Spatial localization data
• • • • •

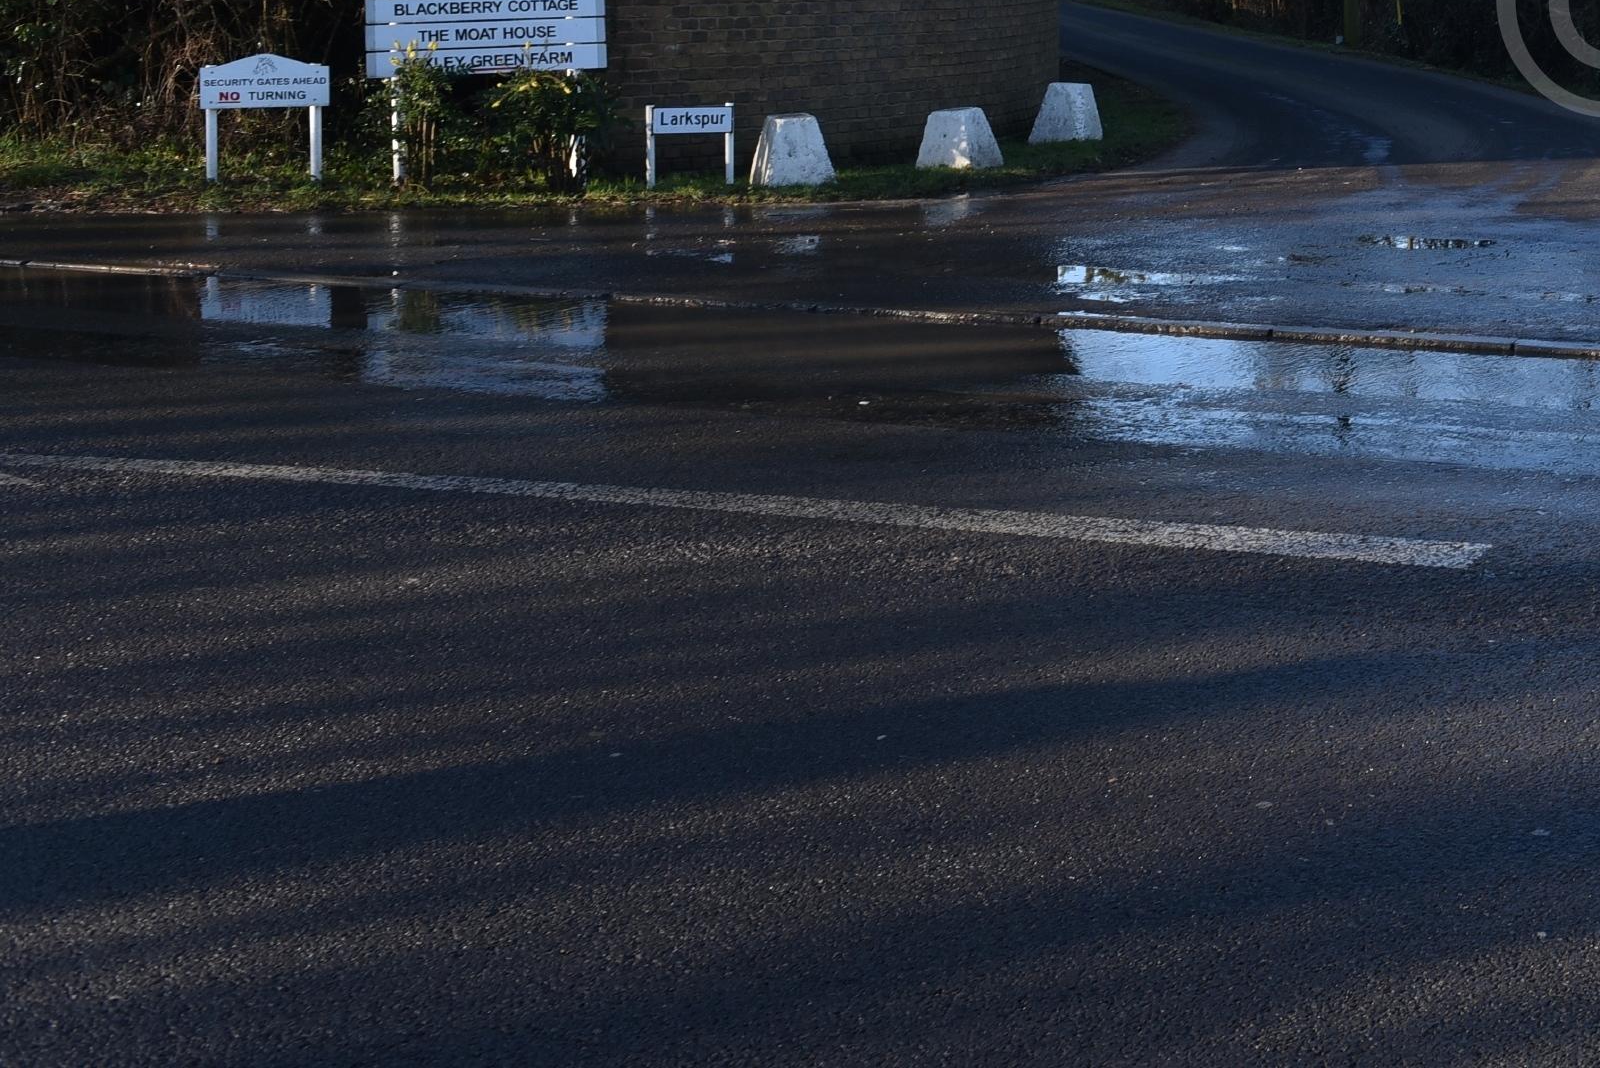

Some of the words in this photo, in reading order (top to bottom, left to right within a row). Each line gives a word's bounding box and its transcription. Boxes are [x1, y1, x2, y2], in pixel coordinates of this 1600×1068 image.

[394, 1, 503, 17] BLACKBERRY
[507, 0, 579, 13] COTTAGE
[418, 29, 450, 42] THE
[455, 28, 498, 41] MOAT
[503, 26, 556, 40] HOUSE
[403, 56, 464, 69] XLEY
[471, 54, 525, 68] GREEN
[530, 52, 573, 65] FARM
[203, 79, 254, 87] SECURITY
[256, 78, 290, 86] GATES
[292, 77, 327, 85] AHEAD
[219, 91, 241, 101] NO
[248, 90, 307, 101] TURNING
[660, 112, 726, 128] Larkspur

• • • • •

Activity:
Write the records above out again exactly, but not the pictures.

Task result:
Some of the words in this photo, in reading order (top to bottom, left to right within a row). Each line gives a word's bounding box and its transcription. Boxes are [x1, y1, x2, y2], in pixel coordinates of this 1600×1068 image.

[394, 1, 503, 17] BLACKBERRY
[507, 0, 579, 13] COTTAGE
[418, 29, 450, 42] THE
[455, 28, 498, 41] MOAT
[503, 26, 556, 40] HOUSE
[403, 56, 464, 69] XLEY
[471, 54, 525, 68] GREEN
[530, 52, 573, 65] FARM
[203, 79, 254, 87] SECURITY
[256, 78, 290, 86] GATES
[292, 77, 327, 85] AHEAD
[219, 91, 241, 101] NO
[248, 90, 307, 101] TURNING
[660, 112, 726, 128] Larkspur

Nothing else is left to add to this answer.